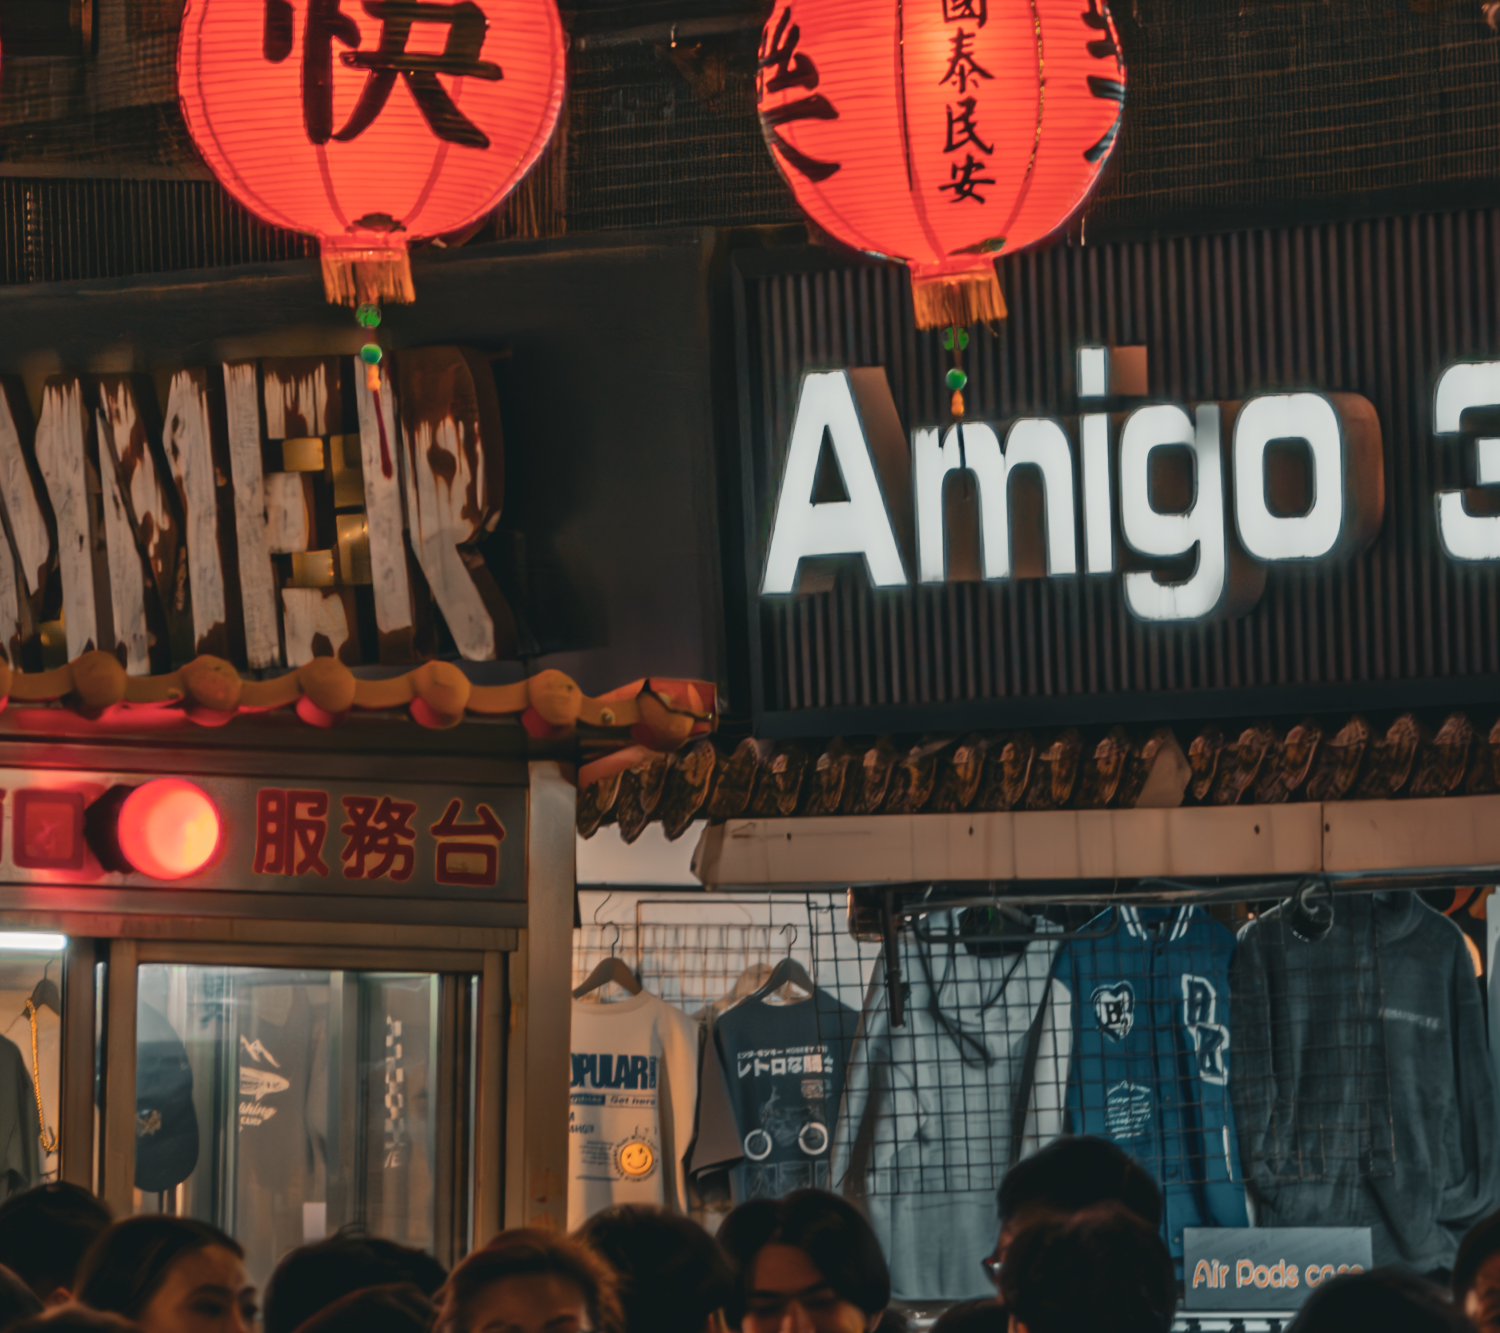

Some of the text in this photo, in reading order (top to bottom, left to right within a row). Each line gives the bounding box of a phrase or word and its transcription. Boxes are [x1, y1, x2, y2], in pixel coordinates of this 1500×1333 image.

[762, 345, 1345, 623] Amigo
[251, 786, 507, 891] 服務台
[1192, 1258, 1229, 1289] Air
[1236, 1258, 1300, 1289] Pods
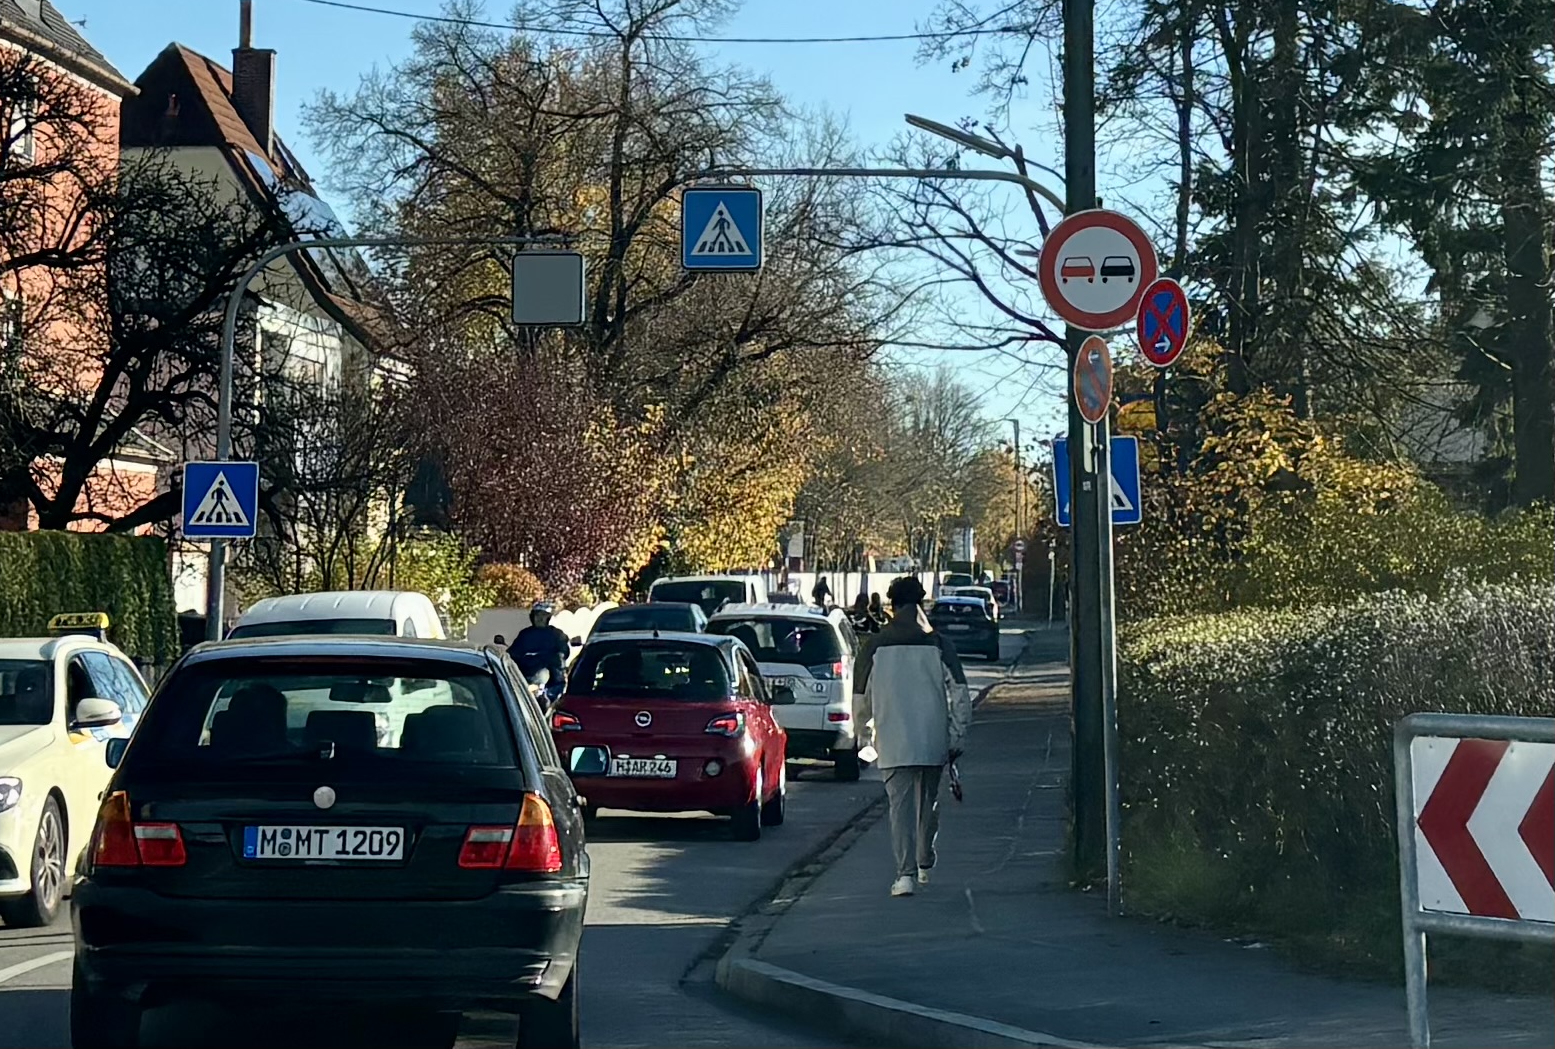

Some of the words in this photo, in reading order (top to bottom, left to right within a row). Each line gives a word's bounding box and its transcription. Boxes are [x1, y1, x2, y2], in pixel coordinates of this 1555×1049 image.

[260, 829, 277, 855] M
[295, 829, 330, 855] MT
[335, 830, 401, 856] 1209
--------------------------------------------------
→ **YOUR OBJECTIVE**: Exact copies of the lines from the one containing "Some of the words" through the end of the listing, both included, are the only thing wanted.

→ **REPLY TO THE EXERCISE**:
Some of the words in this photo, in reading order (top to bottom, left to right within a row). Each line gives a word's bounding box and its transcription. Boxes are [x1, y1, x2, y2], in pixel coordinates of this 1555×1049 image.

[260, 829, 277, 855] M
[295, 829, 330, 855] MT
[335, 830, 401, 856] 1209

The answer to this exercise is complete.